Baby's memorial stone was removed by city

Posted at 5:39 PM, Mar 14, 2016
and last updated 2016-03-15 10:54:23-04

A family who thought their son’s memorial stone had been stolen from a Glendale park now knows it was the city who took it, after the family says they have permission for it to be there. 

On Jan. 26, Heather and Adam Drinovsky dedicated a tree and memorial stone to honor their three-day old baby Gavin who died unexpectedly last year. 

Yesterday, Gavin’s parents found out the engraved stone was gone.

“It’s just like another punch to the gut, kind of," Adam Drinovsky said yesterday.

Today, they learned the City of Glendale removed it.

“We’re very heartbroken by this, and not only did the city take our baby Gavin’s stone without letting us know, they also said that we can’t put it back there when they had already told us it was okay," Heather Drinovsky said.

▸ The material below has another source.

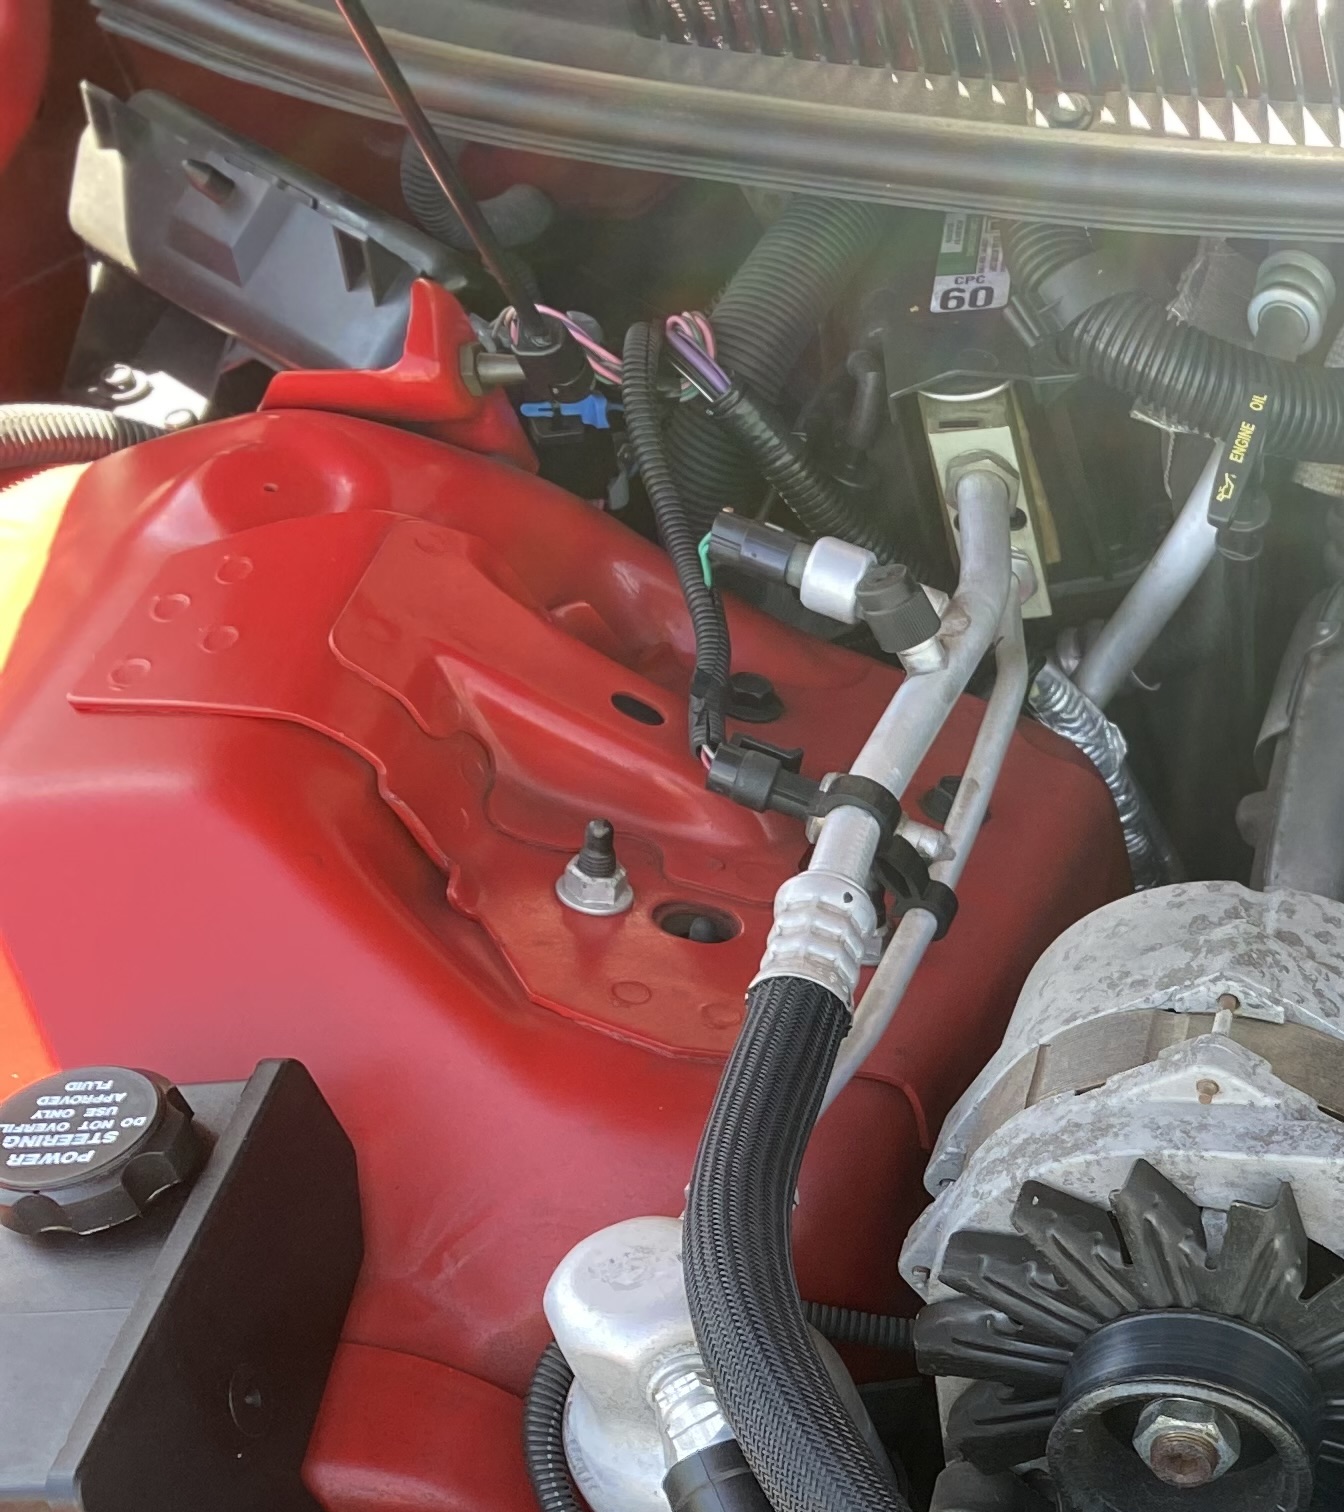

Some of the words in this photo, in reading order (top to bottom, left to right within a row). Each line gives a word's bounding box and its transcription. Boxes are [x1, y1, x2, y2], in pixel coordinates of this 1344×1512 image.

She says the parks manager had approved it and was there when the stone was placed. But the city says they were caught off guard when the family brought the engraved stone. 

“As sensitive as the situation was, staff indicated they go ahead and leave the stone there for a couple of weeks, but then it would have to be removed," said Michael Gregory, Parks, Recreation & Neighborhood Services administrator. “Apparently there was a miscommunication gap."

Heather says it’s not a matter of miscommunication, but a lack of it, saying she wasn’t told this was a temporary deal.

“Not on the day of the tree planting like he mentioned in his email to me or not any time before or since then," she said. 

Regardless, the parents wish the city would’ve just let them know of their policy from the beginning and that they were removing it, instead of the family believing it had been stolen. 

“We live with the pain daily of our son always missing and always missing him, and this is something that we did in honor of him," Heather Drinovsky said. 

Gregory said he advised Gavin's parents to attend a city council meeting and try to change the city's policy to allow engraved memorial stones at parks.